One of the seemingly eternal discussions is about our daily schedule. When to pray, when to eat, when to work, how much time to allow for personal prayer and study, whether to label (read: coerce) study and prayer times or let the brethren work out their own rhythms. In the time since I returned to the monastery the continual conversational theme of this perennial topic has been that we don't have enough time, that between five times a day in Chapel, the whole food service aspect of our large guest house ministry, necessary community meetings and activities, and the other work each of us has every day, we hardly have enough time to turn around, let alone the necessary time for significant prayer and study. And the thing is, it was often true.

Our schedule was:
7:00 Matins
7:30 Breakfast
8:30 Eucharist
9:15 Chapter
12:00 Diurnum
12:30 Dinner
5:00 Vespers
6:00 Supper
7:30-7:40 Corporate Meditation
7:40 Compline

As you can imagine, the Matins to Eucharist segment sometimes requires quite a dash to get all the breakfast dishes done and the refectory set up for dinner before the Eucharist. The Refectorian even had to leave chapel before Matins was over to get everything set out for breakfast. Similarly in the Vespers to Compline segment.

So after many months of low level discussion, we had a meeting and talked explicity about the schedule. In fact, we had done so much preparation in prior private and public discussions, that a decision we all thought would require lots of time and energy and probably some personal tradeoffs, was reached in just a few minutes. We decided to experiment with something different in Lent. We have made a couple of seemingly small changes: Breakfast is at 7:45; the Eucharist is at 9:00 am instead of 8:30; the Corporate Meditation has been moved to Diurnum; and Compline is an hour later, at 8:30 pm.

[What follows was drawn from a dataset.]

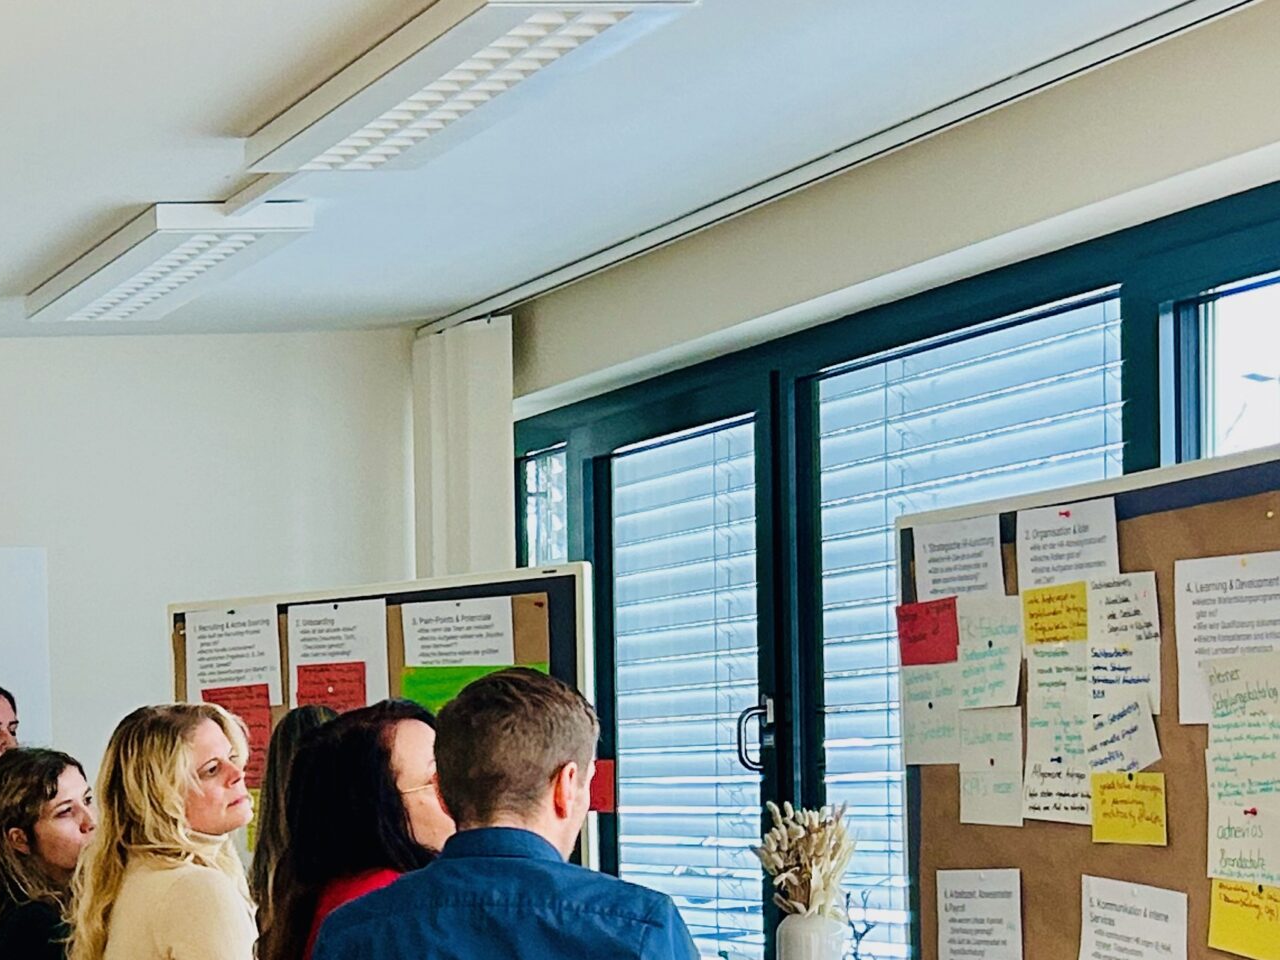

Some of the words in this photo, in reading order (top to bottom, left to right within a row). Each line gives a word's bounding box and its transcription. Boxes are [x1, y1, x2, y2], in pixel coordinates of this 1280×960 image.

What a difference! Now the refectorian doesn't have to sneak out after the second reading at Matins to set up breakfast. There's plenty of time now to get the dishes done, the refectory cleaned up and the tables set, even when we have a lot of guests. And there's time now in the evening to have an evening session with a retreat group and end with Compline. And, since it's later, our day now really does end with Compline, as it should. Most of us have commented to each other after just a little more than a week what a difference it has made.

It has made my life surprisingly better, physically and spiritually. I am refectorian this week (the job rotates weekly), which means setting up for all the meals, making sure that the serving pantry is stocked with all the food and supplies we need from the kitchen and storerooms, turning on the dishwasher, keeping the coffee flowing, and so forth. I was dreading it. With this change, it seems to work with a lot less stress. The extra half hour in the morning has meant that I don't have to dash from food service to Eucharist (as appropriate as that might seem symbolically) but have some time to calm down, brush my teeth, get my head together better. Which is especially nice if I am presiding.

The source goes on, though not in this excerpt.